We describe optical monitoring of the synthesis of gold nanorods (NRs) based on seed-mediated growth in the presence of the soft surfactant template cetyltrimethyilammonium bromide. To separate NRs from spheres and surfactants we fractionated samples in the density gradient of glycerol. The optical properties of NRs were characterized by extinction and differential light-scattering spectra (at 90°, 450–800 nm) and by the depolarization light-scattering ratio, Ivh/Ivv, measured at 90° with a helium–neon laser. Theoretical spectra and the Ivh/Ivv ratios were calculated by the T-matrix method as applied to randomly oriented NRs, which were modeled by right-circular cylinders with semispherical ends. The simulated data were fitted to experimental observations by use of particle length and width as adjustable parameters, which were close to the data yielded by transmission electron microscopy.
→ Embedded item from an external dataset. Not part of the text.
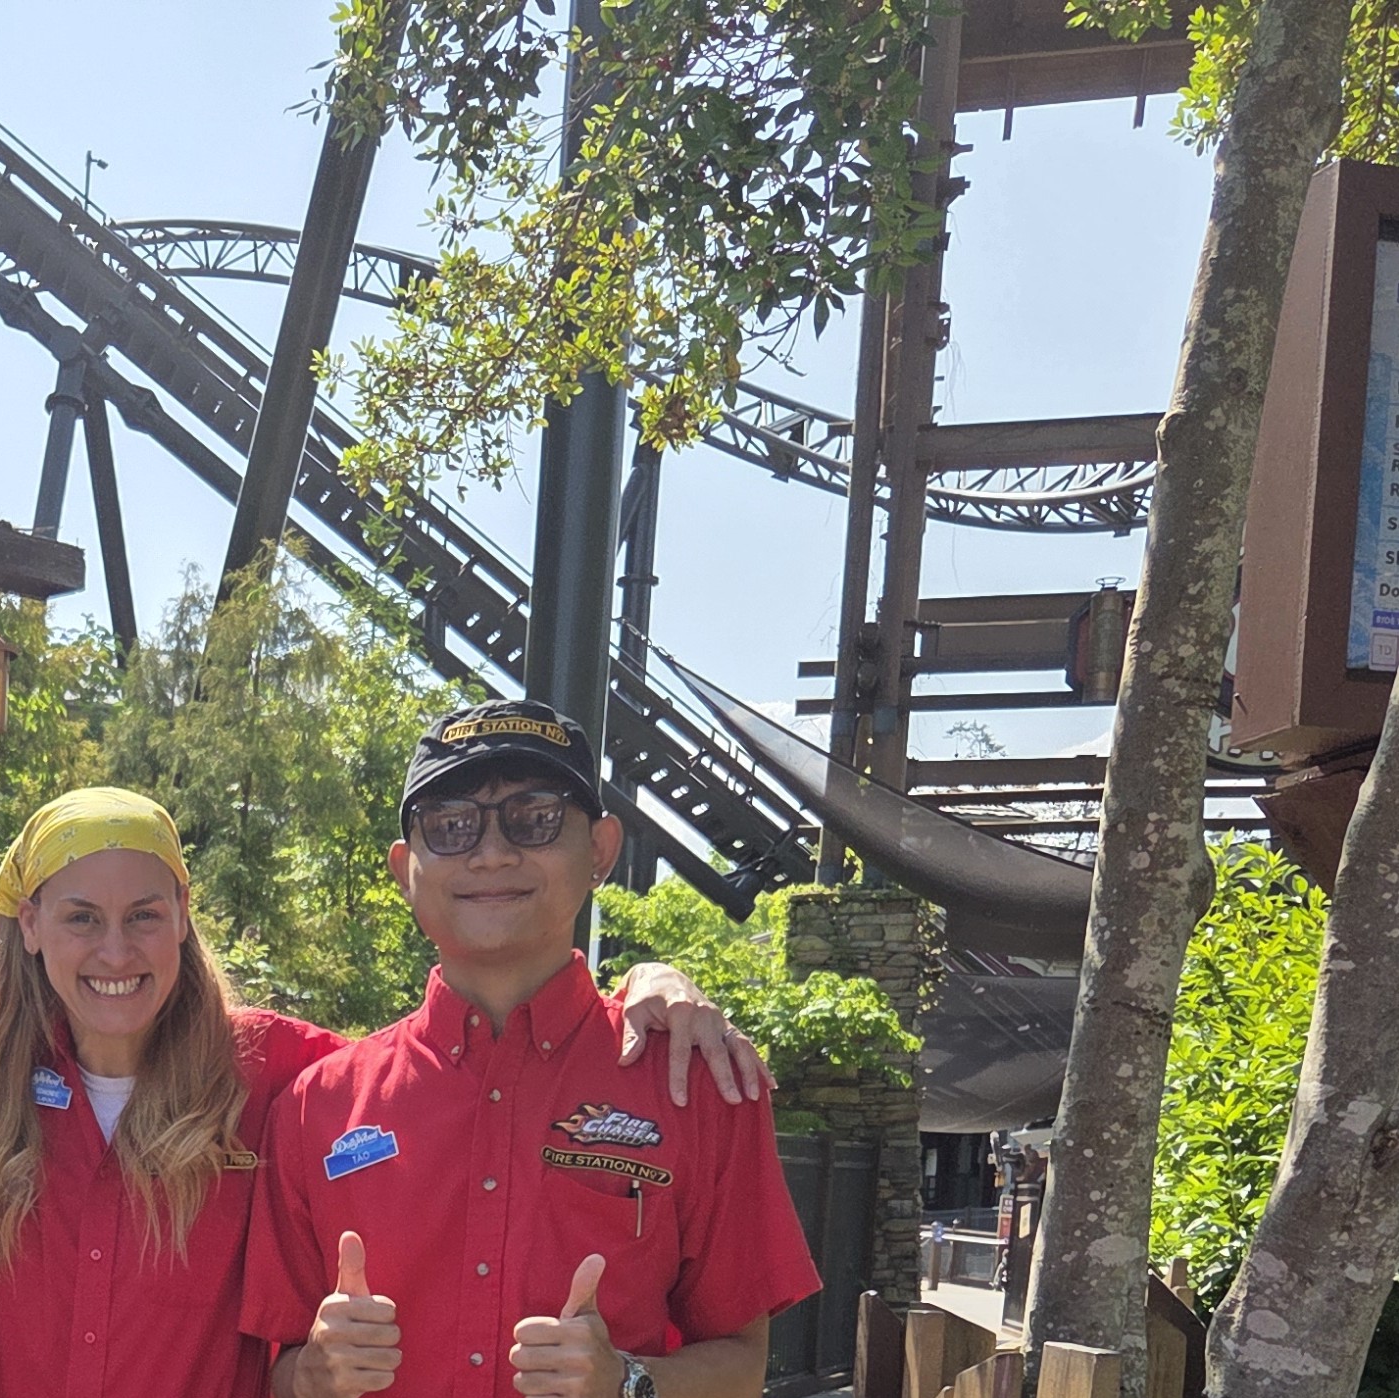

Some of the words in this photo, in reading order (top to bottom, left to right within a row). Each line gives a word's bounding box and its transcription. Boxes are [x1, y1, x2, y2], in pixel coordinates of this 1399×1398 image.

The sensitivity of the long-wavelength resonance of NRs to the dielectric surroundings was examined both experimentally and theoretically by comparison of the extinction spectra of NRs in water and in a 25% glycerol solution. Finally, we discuss the application of NR–protein A conjugates to a dot-immunogold assay with the example of biospecific staining of human IgG molecules adsorbed onto small membrane spots.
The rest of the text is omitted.